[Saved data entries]
----------

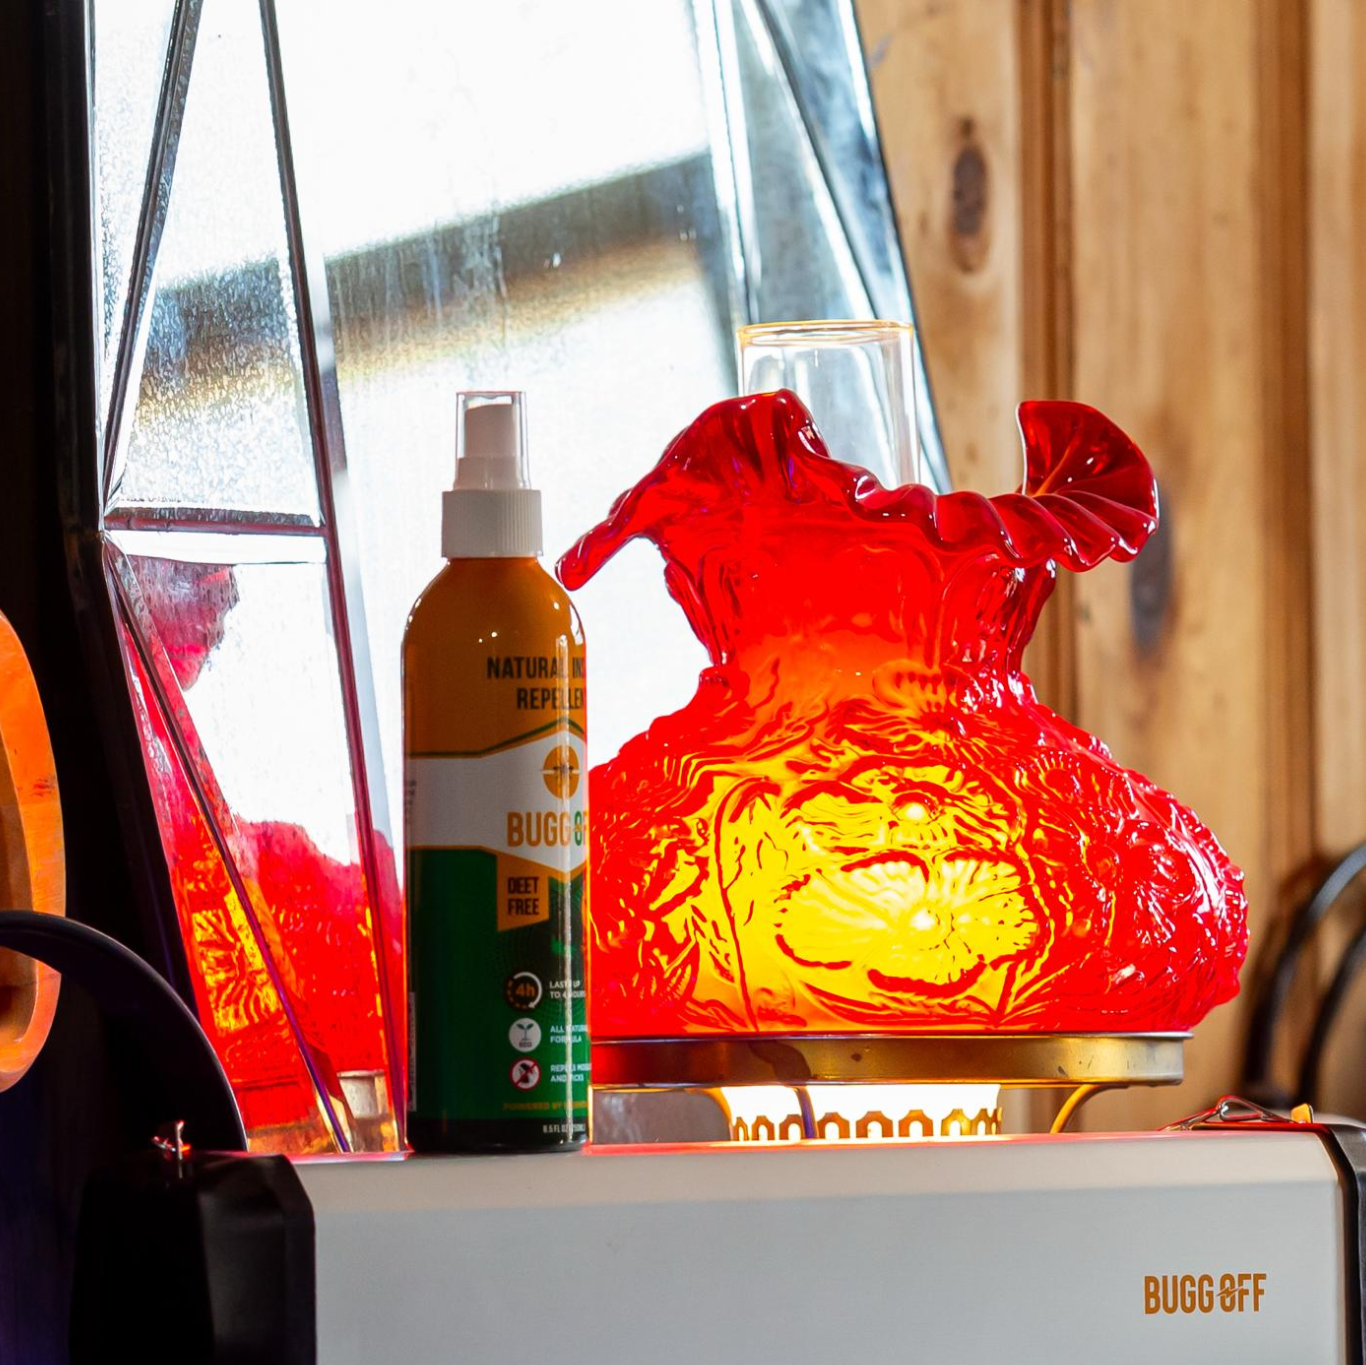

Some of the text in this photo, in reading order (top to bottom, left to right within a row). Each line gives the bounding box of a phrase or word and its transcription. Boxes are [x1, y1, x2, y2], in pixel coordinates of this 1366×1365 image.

[508, 876, 539, 893] DEET
[508, 898, 539, 915] FREE
[515, 983, 536, 997] 4h
[1144, 1273, 1267, 1315] BUGG OFF
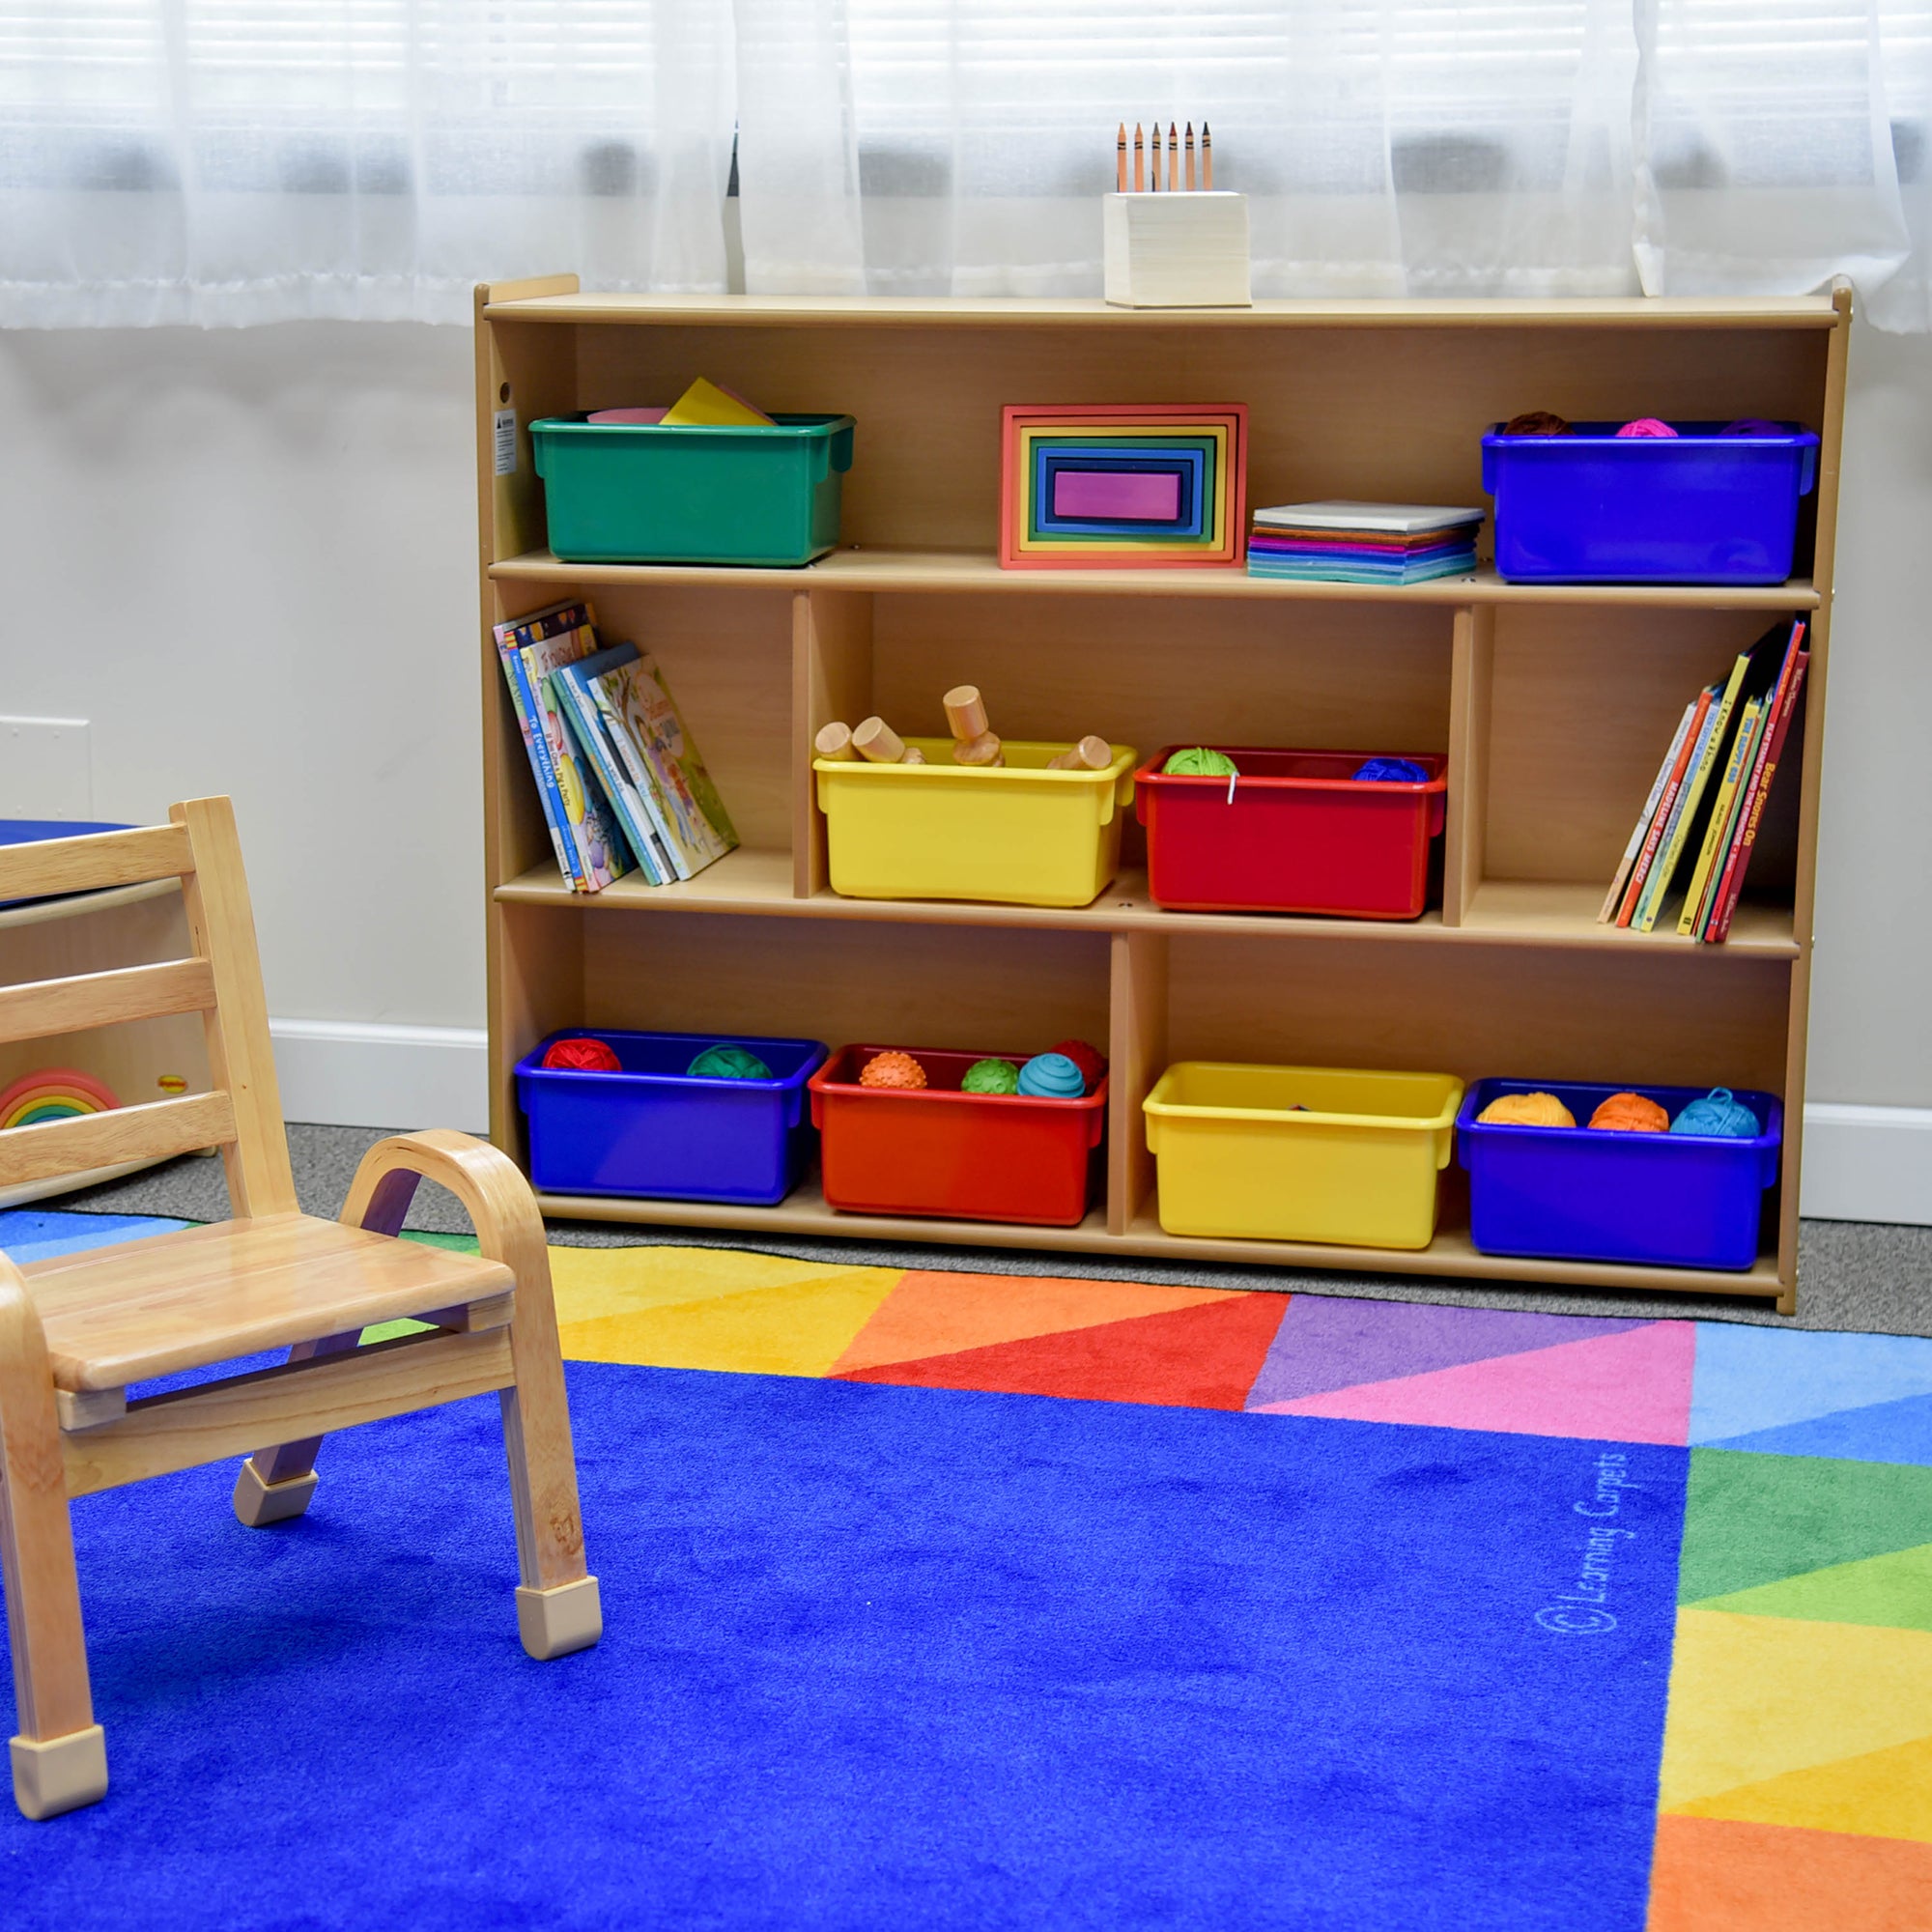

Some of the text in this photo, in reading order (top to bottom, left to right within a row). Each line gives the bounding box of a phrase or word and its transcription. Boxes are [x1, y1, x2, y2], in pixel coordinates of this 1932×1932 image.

[527, 714, 538, 729] To
[1714, 707, 1728, 735] Know
[1742, 717, 1754, 733] THE
[1764, 723, 1776, 742] FLAT
[545, 731, 553, 740] If
[547, 739, 556, 752] You
[532, 731, 554, 789] Everything
[550, 751, 560, 766] Give
[1699, 744, 1716, 772] Rhino
[1734, 735, 1747, 764] HAPPY
[1756, 741, 1770, 774] STANLEY
[554, 771, 566, 784] Pig
[1749, 773, 1760, 791] AND
[560, 787, 571, 807] Party
[1655, 781, 1679, 828] MADELINE
[1742, 761, 1776, 847] Bear Snores On
[1746, 790, 1755, 807] THE
[1733, 807, 1750, 846] FIREHOUSE
[1646, 828, 1662, 853] SAYS
[1634, 853, 1652, 885] MERCI
[1573, 1452, 1642, 1517] Carpets
[1556, 1526, 1636, 1604] Learning
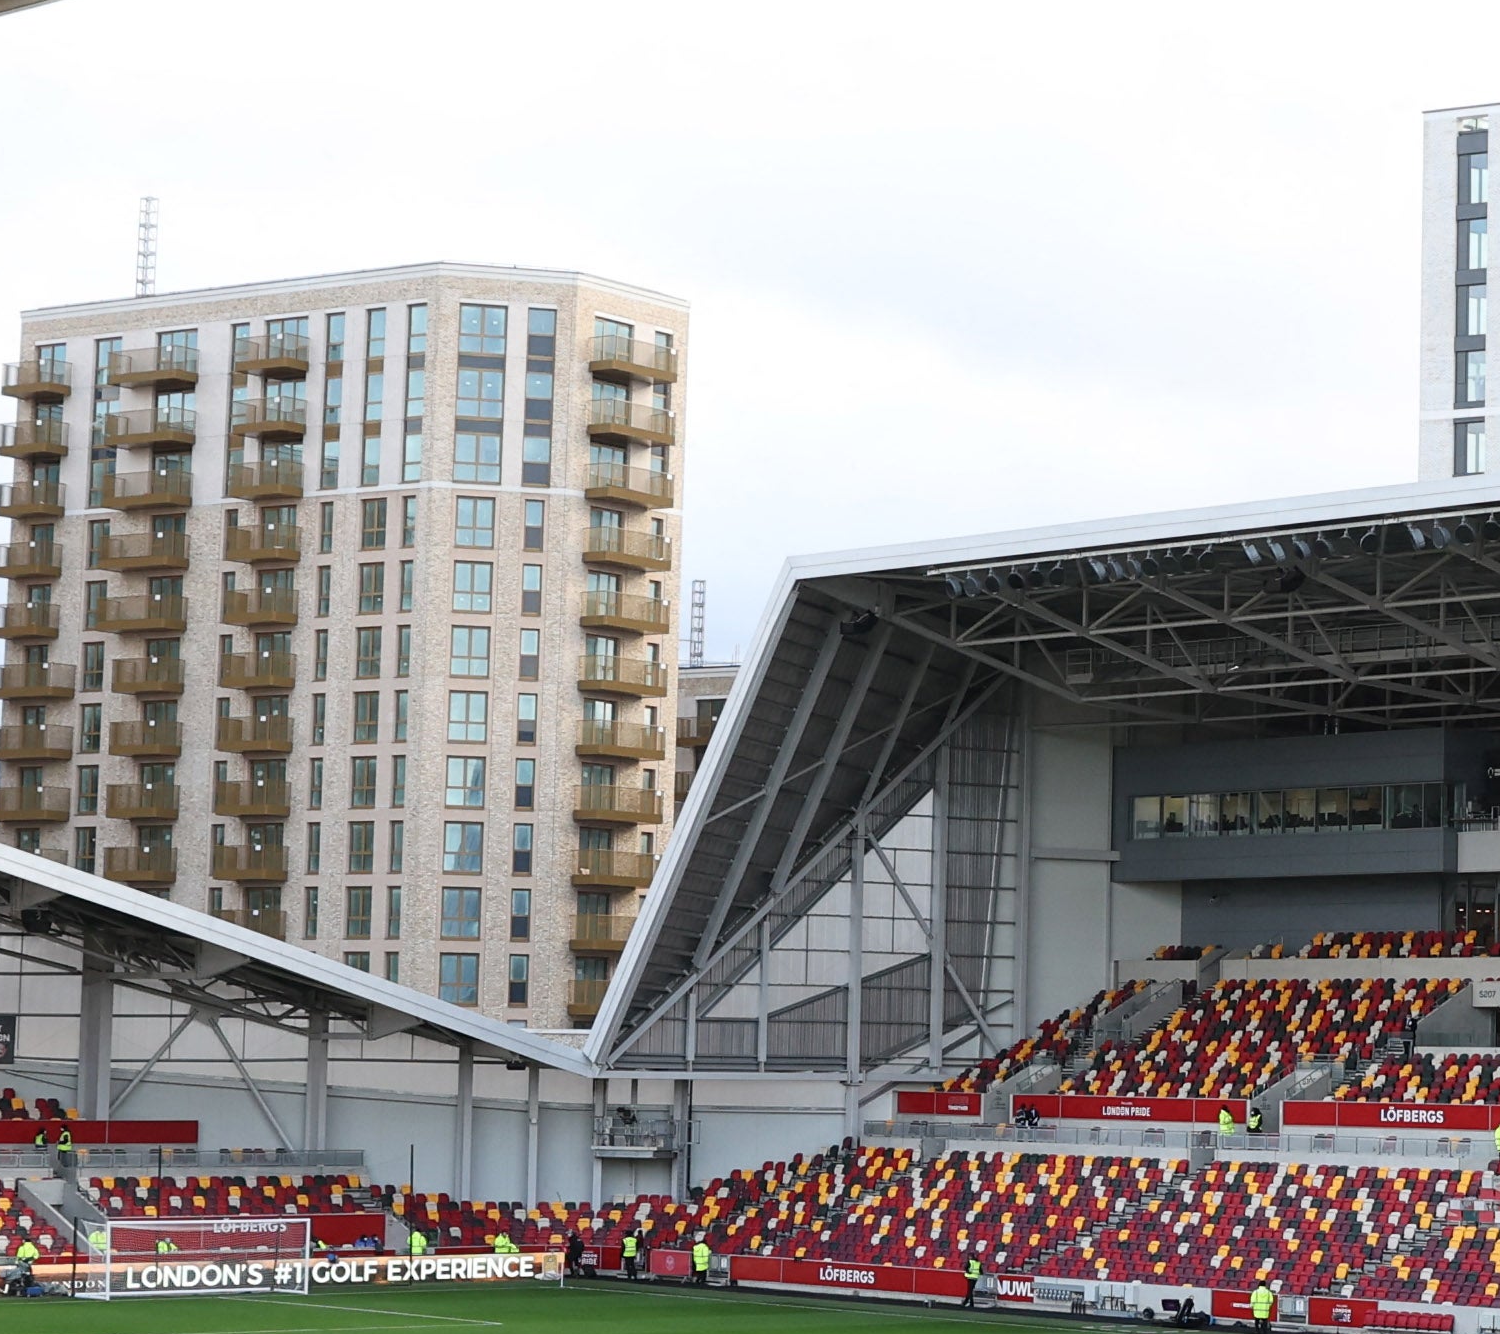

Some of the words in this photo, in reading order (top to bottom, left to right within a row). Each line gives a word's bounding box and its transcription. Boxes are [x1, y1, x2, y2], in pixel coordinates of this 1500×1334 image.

[1102, 1106, 1130, 1116] LONDON
[1131, 1107, 1151, 1117] PRIDE
[1380, 1107, 1444, 1123] LÖFBERGS
[126, 1262, 264, 1289] LONDON'S
[274, 1261, 303, 1285] #1
[311, 1259, 379, 1284] GOLF
[387, 1255, 535, 1282] EXPERIENCE
[819, 1266, 875, 1284] LÖFBERGS

----------

Your task is to set down each line above verbatim while excluding the pictures.

* **Answer to this problem**
Some of the text in this photo, in reading order (top to bottom, left to right within a row). Each line gives the bounding box of a phrase or word and its transcription. Boxes are [x1, y1, x2, y2], in pixel coordinates of this 1366×1365 image.

[508, 876, 539, 893] DEET
[508, 898, 539, 915] FREE
[515, 983, 536, 997] 4h
[1144, 1273, 1267, 1315] BUGG OFF

Some of the text in this photo, in reading order (top to bottom, left to right within a row). Each line gives the bounding box of a phrase or word and its transcription. Boxes are [x1, y1, x2, y2], in pixel coordinates of this 1932×1932 image.

[527, 714, 538, 729] To
[1714, 707, 1728, 735] Know
[1742, 717, 1754, 733] THE
[1764, 723, 1776, 742] FLAT
[545, 731, 553, 740] If
[547, 739, 556, 752] You
[532, 731, 554, 789] Everything
[550, 751, 560, 766] Give
[1699, 744, 1716, 772] Rhino
[1734, 735, 1747, 764] HAPPY
[1756, 741, 1770, 774] STANLEY
[554, 771, 566, 784] Pig
[1749, 773, 1760, 791] AND
[560, 787, 571, 807] Party
[1655, 781, 1679, 828] MADELINE
[1742, 761, 1776, 847] Bear Snores On
[1746, 790, 1755, 807] THE
[1733, 807, 1750, 846] FIREHOUSE
[1646, 828, 1662, 853] SAYS
[1634, 853, 1652, 885] MERCI
[1573, 1452, 1642, 1517] Carpets
[1556, 1526, 1636, 1604] Learning

Some of the words in this photo, in reading order (top to bottom, left to right within a row). Each line gives a word's bounding box and its transcription. Boxes are [x1, y1, x2, y2], in pixel coordinates of this 1500×1334 image.

[1102, 1106, 1130, 1116] LONDON
[1131, 1107, 1151, 1117] PRIDE
[1380, 1107, 1444, 1123] LÖFBERGS
[126, 1262, 264, 1289] LONDON'S
[274, 1261, 303, 1285] #1
[311, 1259, 379, 1284] GOLF
[387, 1255, 535, 1282] EXPERIENCE
[819, 1266, 875, 1284] LÖFBERGS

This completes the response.